Secret Edinburgh: Merchiston Tower ceiling

In our final extract from Secret Edinburgh, Hannah Robinson proves it always pays to look up…

Rabelasian rafters

Merchiston Tower’s elves

There is something rather extraordinary hidden in the Merchiston Tower. The building itself is worthy of an entry: a medieval red stone tower house hidden in the middle of a modern university campus. It was the seat of Clan Napier and the birthplace of John Napier, the eighth Laird of Merchiston, mathematician, philosopher, inventor of logarithms, and after whom the university was named.

Climb the winding stone steps and you will find a large boardroom with an impressive long asymmetric table sitting on a split-pea green carpet; below is a minstrels’ gallery. You are getting warmer. But it’s not until you lean your head back that you really hit the hot stuff.

Look closely at the ceiling above you. Running along the rough pine boards are some rather unusual hand-painted tempera illustrations. They appear, at first sight, to be ornamental vases, flowers, angels. The explanatory notes on the wall tell you that this is the finest and earliest dated Scottish Renaissance ceiling from 1581, which was transferred here after being discovered at Prestongrange in 1962.

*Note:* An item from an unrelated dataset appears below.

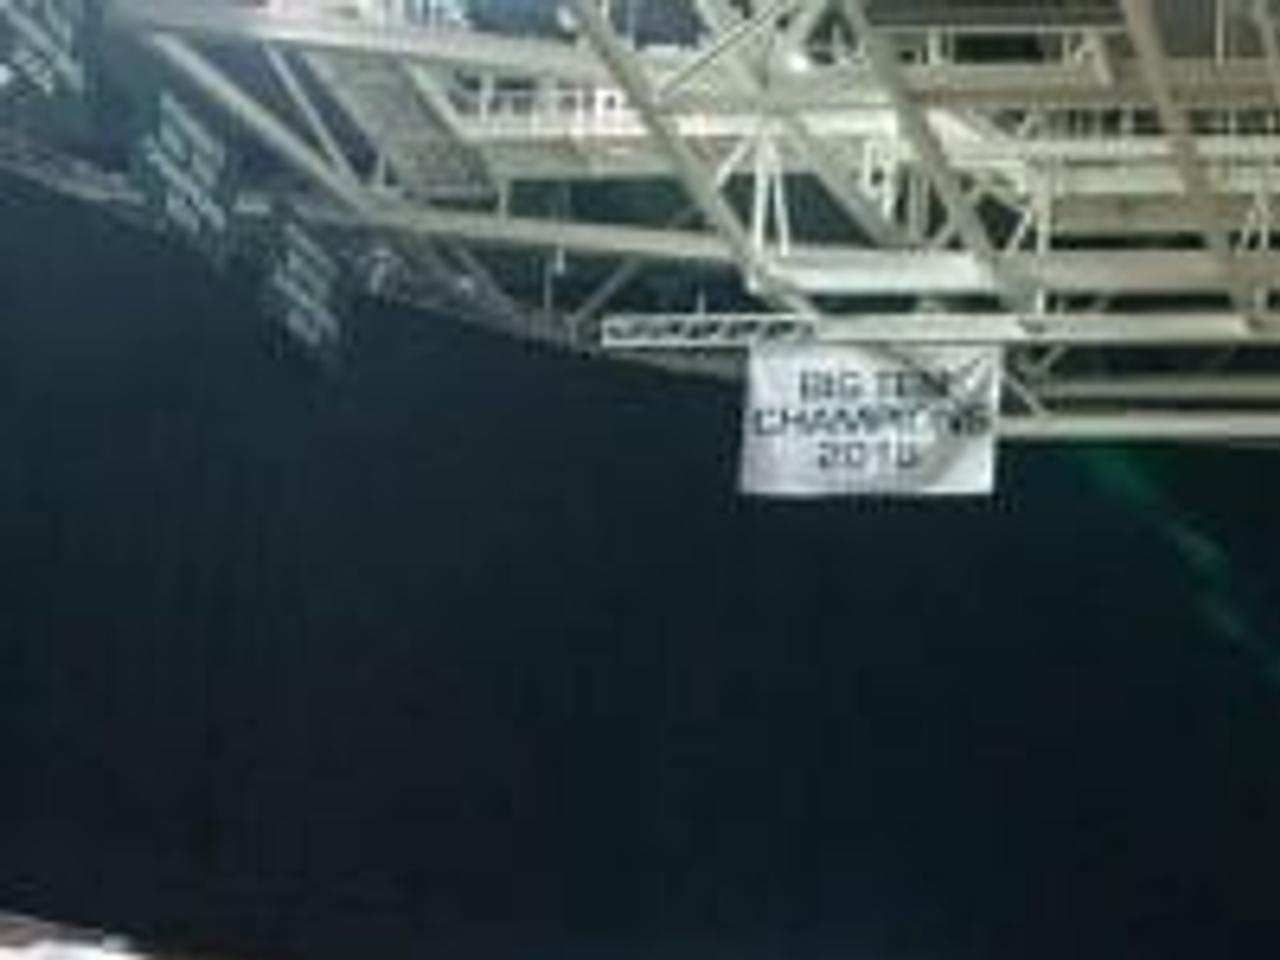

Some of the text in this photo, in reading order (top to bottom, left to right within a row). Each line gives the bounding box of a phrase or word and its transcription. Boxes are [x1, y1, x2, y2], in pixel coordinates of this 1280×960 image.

[799, 370, 949, 400] BIG TEN
[754, 403, 993, 438] CHAMPIONS

But then you start to notice the details: a winged lizard with a human head, a weird-looking angel emerging from a contorted shell, a bare-breasted Viking lass with a lion’s-head door knocker hanging from her nether regions. It’s all starting to get a bit Hieronymus Bosch.

And that’s when you spot the pornographic elves. Truth be told, you shouldn’t have climbed up to the minstrels’ gallery and stood on a chair to see them. You got too close. And now it’s too late. You’ll never be able to think of Santa’s little helpers in the same way again.

The bawdy images are copies of a 1565 French collection of woodcuts called “The Droll Dreams of Pantagruel”, the work of François Desprez. He himself was inspired by a series of five books collectively entitled The Life of Gargantua and Pantagruel by the satirist François Rabelais, which charts the epic and somewhat scatological adventures of two giants, father and son. The text is full of lively escapades. An entire civilisation is discovered living behind Pantagruel’s teeth. He drowns an army in urine. He meets the Chitterlings: a race of half-men, half-sausages. Salvador Dali published his depictions of the same characters in 1974. How they ended up on an East Lothian nobleman’s ceiling is certainly worthy of more study.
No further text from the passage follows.